Création : Charlie BROOKER

Et si nos téléphones faisaient de nos vies un spectacle de télé-réalité ? Black Mirror pose des questions dérangeantes.

© Zeppotron / Channel 4

Il est 4 heures du matin. Les réseaux sociaux sont déjà en surchauffe. Une vidéo vient d'être publiée sur YouTube. On y découvre la princesse Susannah ligotée à une chaise, qui énonce péniblement les conditions de sa libération. Le Premier ministre du Royaume-Uni doit s'engager à avoir un rapport sexuel, diffusé le jour même en direct à la télé vision, avec... un porc. Ambiance au 10, Downing Street. Les agents du MI5 ne retrouvent pas l'héritière du trône.

Publicité

Les médias traditionnels sont complètement désemparés. Les internautes, eux, s'interrogent: la dignité d'un homme d'Etat vaut-elle plus ou moins que la vie d'un membre de la famille royale? Bienvenue dans l'univers glaçant de Black Mirror, la série anglaise la plus détonante de la décennie. Ce cocktail d'intelligence, d'horreur et d'humour noir arrive bientôt sur France 4. Ça va grogner.
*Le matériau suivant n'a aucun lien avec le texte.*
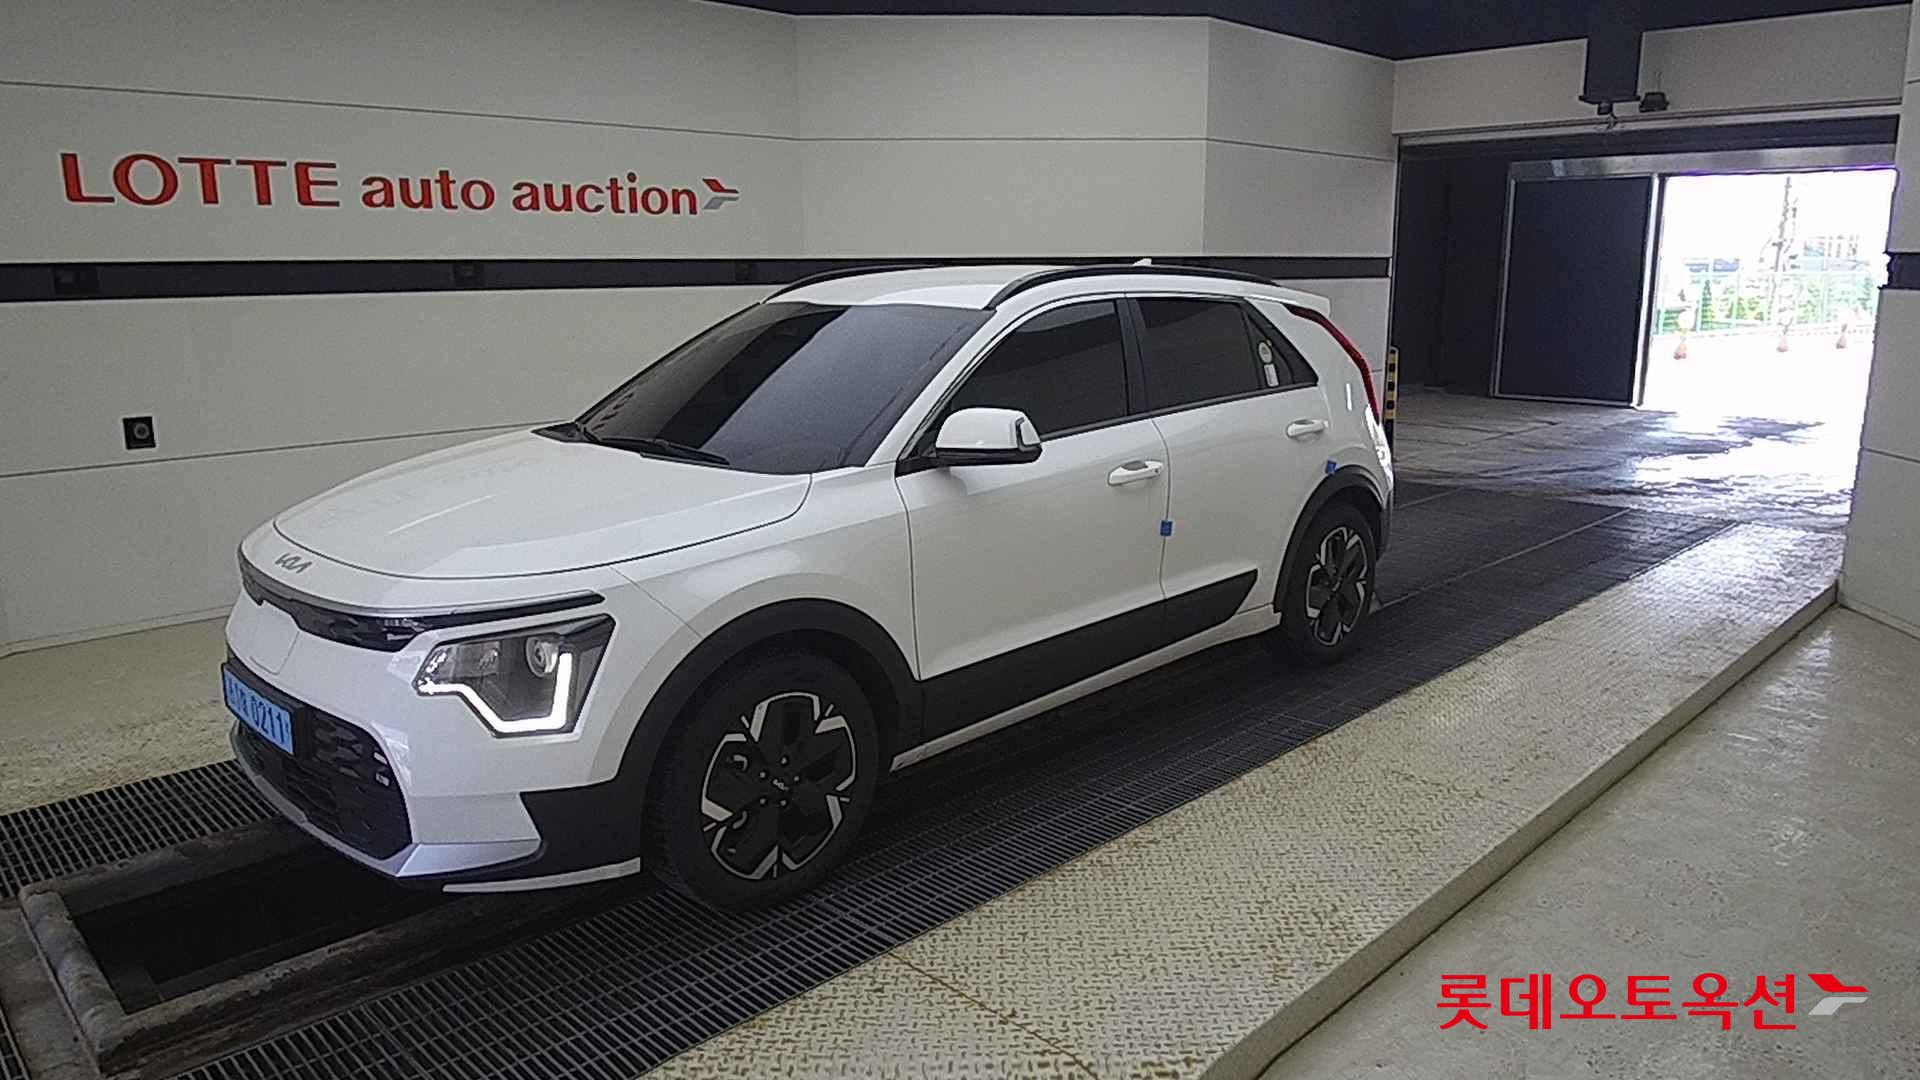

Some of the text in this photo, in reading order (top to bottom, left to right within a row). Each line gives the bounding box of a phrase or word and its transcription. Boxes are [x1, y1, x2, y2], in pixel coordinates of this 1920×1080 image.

Mission de service public et liberté de ton

Présentation de la bête. Le format est court: quarante-deux minutes par épisode, trois épisodes par saison. Chacun d'eux possède son intrigue et ses personnages, mais traite du même sujet: les dangers potentiels liés aux nouvelles technologies. Exemples: et si les réseaux sociaux se substituaient à la politique? Et si nos téléphones faisaient de nos vies un vrai spectacle de téléréalité? Les réponses rebroussent le poil avec force, le scénariste imaginant le pire dans un récit aussi trépidant que 24 Heures chrono. L'humour british en prime.

"La force des fictions anglaises, explique Bertrand Villegas, spécialiste des programmes télévisuels internationaux au sein de l'agence The Wit, a toujours été d'allier leur mission de service public avec une totale liberté de ton. En France, quand le débat a lieu, c'est chez Yves Calvi." A l'origine du programme diffusé sur la chaîne publique Channel 4, on trouve un certain Charlie Brooker. Inconnu en France, ce quadra collectionne les casquettes de critique de jeux vidéo, de chroniqueur et d'animateur pour la BBC. "Si la technologie est une drogue, je veux en connaître tous ses effets secondaires", raconte au Guardian l'irrévérencieux scénariste.

L'homme n'est pas à une contradiction près: c'est Endemol, le plus grand producteur de télé-réalité du monde, qui finance Black Mirror. "Je ne suis ni anti-technologie ni même anti-télé-réalité, se justifie Brooker. La télévision est le média idéal pour poser des questions. Nous devons réfléchir collectivement à l'usage que nous faisons de ces nouveaux outils. Ce que je raconte ici peut avoir lieu dans dix minutes si nous ne restons pas vigilants."

A sa diffusion, le 4 décembre 2011, la série a provoqué un raz de marée médiatique en Grande-Bretagne. Quelques jours plus tard, le virus s'est propagé sur le Web. Les internautes chinois ont ainsi fait de Black Mirror la série la plus commentée de 2012. Aux Etats-Unis, l'acteur Robert Downing Jr., qui a le nez creux, a racheté les droits du deuxième épisode en vue d'une adaptation au cinéma. Un impressionnant succès, compte tenu du petit budget octroyé au départ par la chaîne anglaise. Comme quoi on peut faire cheap et choc.